Problem to work on: Every line below needs to be returned exactly as written.

[Stored entries]
>>>>>

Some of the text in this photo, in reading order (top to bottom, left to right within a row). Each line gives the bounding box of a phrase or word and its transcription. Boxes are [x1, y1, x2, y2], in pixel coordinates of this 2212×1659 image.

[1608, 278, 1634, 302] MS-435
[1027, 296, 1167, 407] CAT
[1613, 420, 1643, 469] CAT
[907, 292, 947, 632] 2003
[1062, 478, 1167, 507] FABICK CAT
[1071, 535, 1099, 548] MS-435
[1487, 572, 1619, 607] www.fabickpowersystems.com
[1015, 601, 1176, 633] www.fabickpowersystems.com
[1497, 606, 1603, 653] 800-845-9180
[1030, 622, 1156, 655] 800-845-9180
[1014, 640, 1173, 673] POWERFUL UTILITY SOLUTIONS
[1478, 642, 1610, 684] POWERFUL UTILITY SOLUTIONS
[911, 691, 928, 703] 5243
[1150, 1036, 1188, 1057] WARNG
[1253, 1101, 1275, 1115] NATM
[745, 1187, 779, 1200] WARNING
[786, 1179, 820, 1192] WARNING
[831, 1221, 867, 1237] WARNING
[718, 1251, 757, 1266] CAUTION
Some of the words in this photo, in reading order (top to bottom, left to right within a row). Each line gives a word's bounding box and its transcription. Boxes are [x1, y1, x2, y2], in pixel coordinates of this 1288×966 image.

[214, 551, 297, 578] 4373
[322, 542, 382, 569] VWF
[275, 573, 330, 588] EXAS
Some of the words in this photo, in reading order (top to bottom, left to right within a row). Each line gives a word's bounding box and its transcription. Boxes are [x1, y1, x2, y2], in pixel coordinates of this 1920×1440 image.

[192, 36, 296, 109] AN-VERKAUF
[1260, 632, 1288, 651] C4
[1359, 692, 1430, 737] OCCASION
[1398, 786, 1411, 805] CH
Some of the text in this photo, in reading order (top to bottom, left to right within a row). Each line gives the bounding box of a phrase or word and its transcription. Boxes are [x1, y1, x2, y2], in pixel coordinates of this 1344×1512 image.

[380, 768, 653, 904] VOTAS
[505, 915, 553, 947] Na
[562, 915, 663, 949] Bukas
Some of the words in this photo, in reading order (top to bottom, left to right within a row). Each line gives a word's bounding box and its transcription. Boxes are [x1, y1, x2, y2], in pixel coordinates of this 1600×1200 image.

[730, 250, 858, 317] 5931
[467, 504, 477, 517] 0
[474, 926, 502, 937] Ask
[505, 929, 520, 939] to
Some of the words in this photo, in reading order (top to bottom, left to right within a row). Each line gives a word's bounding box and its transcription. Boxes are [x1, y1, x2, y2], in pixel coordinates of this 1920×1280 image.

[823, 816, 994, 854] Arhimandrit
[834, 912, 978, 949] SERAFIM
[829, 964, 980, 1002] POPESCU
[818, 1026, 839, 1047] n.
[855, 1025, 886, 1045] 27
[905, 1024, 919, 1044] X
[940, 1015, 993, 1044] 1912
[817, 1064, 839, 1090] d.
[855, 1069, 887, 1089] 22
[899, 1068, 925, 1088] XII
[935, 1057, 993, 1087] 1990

<<<<<

Exercise answer:
Some of the text in this photo, in reading order (top to bottom, left to right within a row). Each line gives the bounding box of a phrase or word and its transcription. Boxes are [x1, y1, x2, y2], in pixel coordinates of this 2212×1659 image.

[1608, 278, 1634, 302] MS-435
[1027, 296, 1167, 407] CAT
[1613, 420, 1643, 469] CAT
[907, 292, 947, 632] 2003
[1062, 478, 1167, 507] FABICK CAT
[1071, 535, 1099, 548] MS-435
[1487, 572, 1619, 607] www.fabickpowersystems.com
[1015, 601, 1176, 633] www.fabickpowersystems.com
[1497, 606, 1603, 653] 800-845-9180
[1030, 622, 1156, 655] 800-845-9180
[1014, 640, 1173, 673] POWERFUL UTILITY SOLUTIONS
[1478, 642, 1610, 684] POWERFUL UTILITY SOLUTIONS
[911, 691, 928, 703] 5243
[1150, 1036, 1188, 1057] WARNG
[1253, 1101, 1275, 1115] NATM
[745, 1187, 779, 1200] WARNING
[786, 1179, 820, 1192] WARNING
[831, 1221, 867, 1237] WARNING
[718, 1251, 757, 1266] CAUTION
Some of the words in this photo, in reading order (top to bottom, left to right within a row). Each line gives a word's bounding box and its transcription. Boxes are [x1, y1, x2, y2], in pixel coordinates of this 1288×966 image.

[214, 551, 297, 578] 4373
[322, 542, 382, 569] VWF
[275, 573, 330, 588] EXAS
Some of the words in this photo, in reading order (top to bottom, left to right within a row). Each line gives a word's bounding box and its transcription. Boxes are [x1, y1, x2, y2], in pixel coordinates of this 1920×1440 image.

[192, 36, 296, 109] AN-VERKAUF
[1260, 632, 1288, 651] C4
[1359, 692, 1430, 737] OCCASION
[1398, 786, 1411, 805] CH
Some of the text in this photo, in reading order (top to bottom, left to right within a row). Each line gives the bounding box of a phrase or word and its transcription. Boxes are [x1, y1, x2, y2], in pixel coordinates of this 1344×1512 image.

[380, 768, 653, 904] VOTAS
[505, 915, 553, 947] Na
[562, 915, 663, 949] Bukas
Some of the words in this photo, in reading order (top to bottom, left to right within a row). Each line gives a word's bounding box and its transcription. Boxes are [x1, y1, x2, y2], in pixel coordinates of this 1600×1200 image.

[730, 250, 858, 317] 5931
[467, 504, 477, 517] 0
[474, 926, 502, 937] Ask
[505, 929, 520, 939] to
Some of the words in this photo, in reading order (top to bottom, left to right within a row). Each line gives a word's bounding box and its transcription. Boxes are [x1, y1, x2, y2], in pixel coordinates of this 1920×1280 image.

[823, 816, 994, 854] Arhimandrit
[834, 912, 978, 949] SERAFIM
[829, 964, 980, 1002] POPESCU
[818, 1026, 839, 1047] n.
[855, 1025, 886, 1045] 27
[905, 1024, 919, 1044] X
[940, 1015, 993, 1044] 1912
[817, 1064, 839, 1090] d.
[855, 1069, 887, 1089] 22
[899, 1068, 925, 1088] XII
[935, 1057, 993, 1087] 1990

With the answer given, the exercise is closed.